Solid Power’s new pilot line is a groundbreaking moment in the march toward solid-state batteries for electric vehicles. But don’t count on a revolution in lithium-ion battery chemistry happening on the line itself. That’s by design.

The new facility, unlike the company’s previous pre-pilot line, will be “highly inflexible,” said Doug Campbell, Solid Power’s CEO. In the battery world, an inflexible pilot line is a good thing — it means that the company is honing its production skills with an eye toward commercialization. Mass production, after all, relies on repeatedly performing a sequence of refined steps over and over again without any surprises.

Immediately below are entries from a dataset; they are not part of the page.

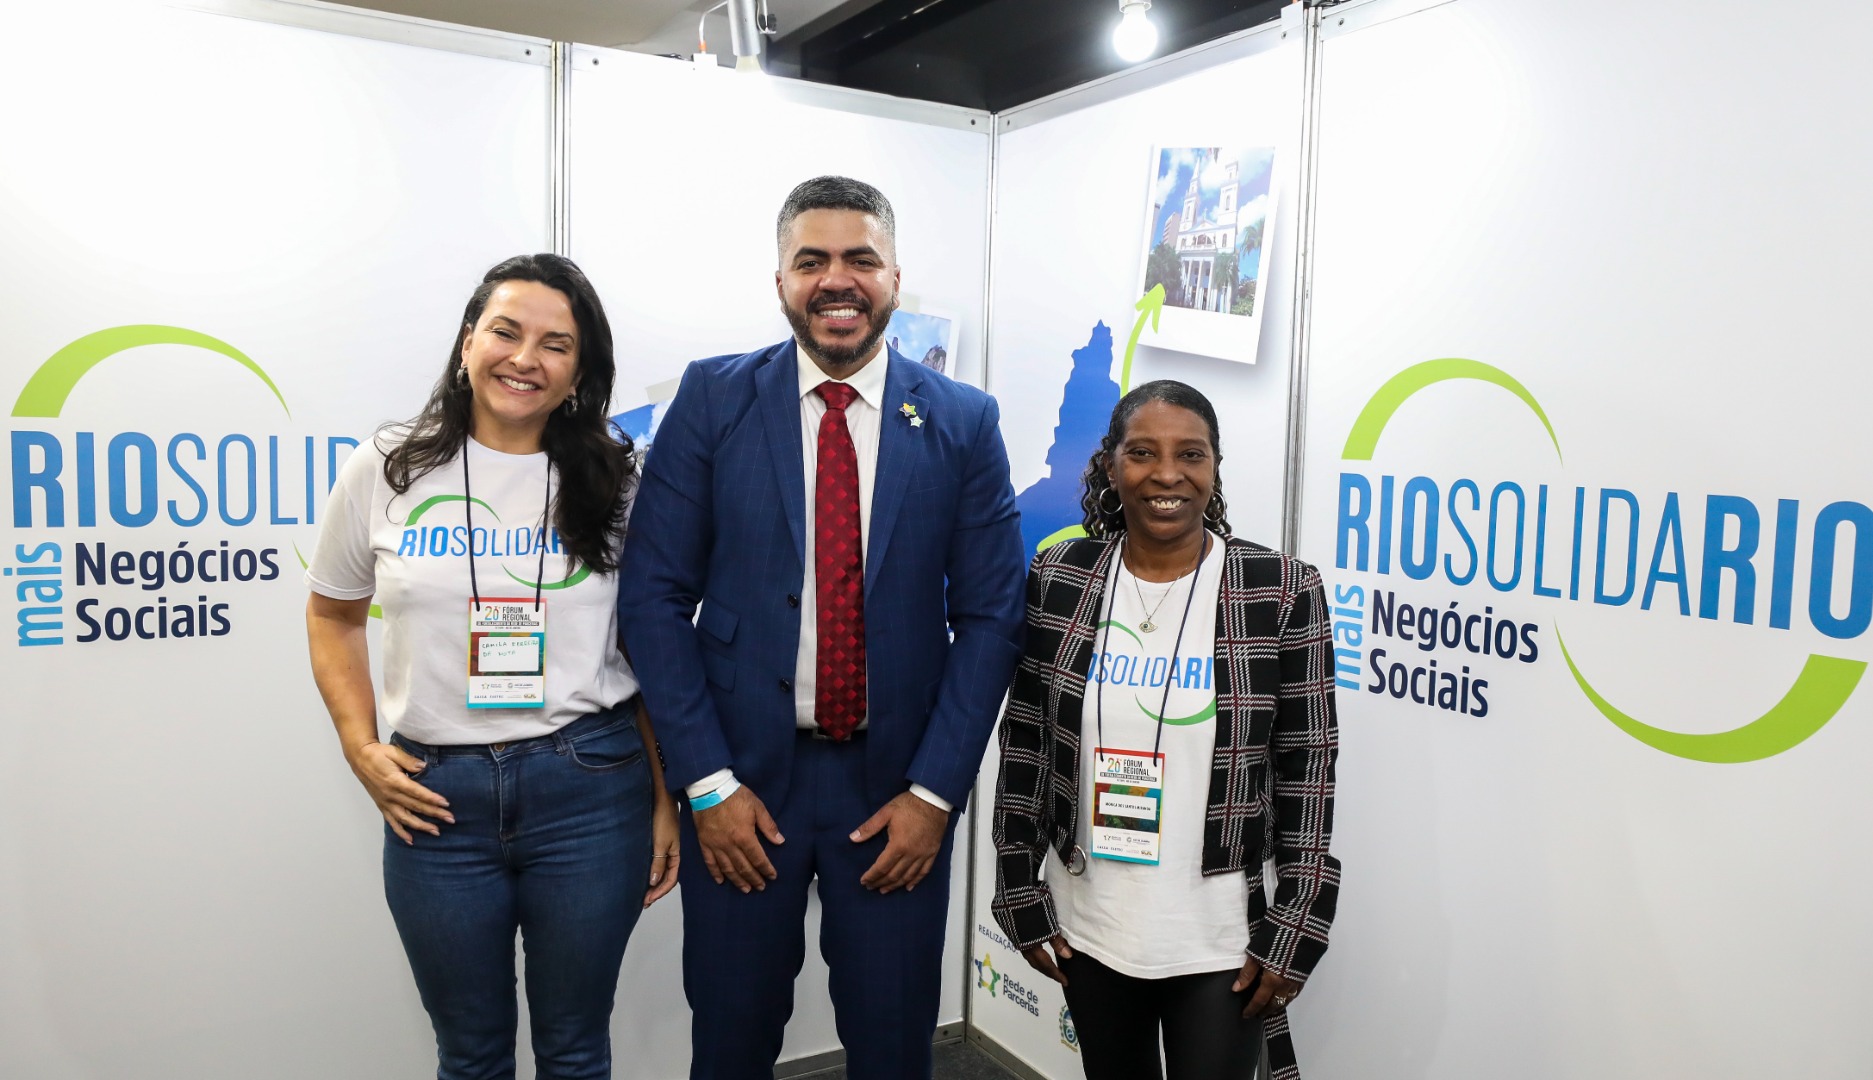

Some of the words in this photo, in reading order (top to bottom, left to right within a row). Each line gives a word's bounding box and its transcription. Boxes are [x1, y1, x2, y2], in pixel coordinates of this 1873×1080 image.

[75, 540, 280, 591] Negócios
[1335, 472, 1873, 640] RIOSOLIDARIO
[3, 541, 64, 647] mais
[75, 595, 231, 643] Sociais
[502, 613, 531, 621] REGIONAL
[1328, 583, 1365, 691] mais
[1371, 589, 1539, 664] Negócios
[1368, 647, 1489, 718] Sociais
[1123, 766, 1150, 777] REGIONAL
[1002, 985, 1039, 1017] Parcerias
[1003, 973, 1025, 996] Rede
[1026, 989, 1039, 1004] de

The pilot line will make cells between 60 and 100 Ah (amp hours) depending on the customer’s requirements — “a fairly large cell,” Campbell said. “That’s all it’s going to produce, and it will produce them in relative high-throughput — high-throughput enough that we can get multiple OEM partners through a full design freeze, otherwise known as a conclusion of a B-sample validation phase.”

Think of the B-sample as a beta test: The big kinks will be worked out and the top-line specs will be fixed. Before that, though, Solid Power has some refinements to make, as all battery companies do in this phase. 

“I don’t want to promise that we’re going to have phenomenally performing cells coming off the line tomorrow,” Campbell said. “There’s going be some debugging. There’s going to be some process optimization. Everything’s getting scaled up, and every time you do that, you’ve got to tweak and iterate to replicate what you did at the previous scale. So we baked that into the schedule.”

Solid Power is aiming to deliver the B-samples in the first half of 2024, just two years from now. After that, the march toward production begins in earnest. By Solid Power’s very realistic timeline, we might have the opportunity to buy a solid-state battery EV as soon as 2028.

But Solid Power’s progress represents more than just a potential step-change in range and power in the EV world. It likely marks a new phase in the U.S. battery industry.

“We are in early-stage planning for our next stage of production,” Campbell said, “and it is, by and large, being looked at here in the United States.”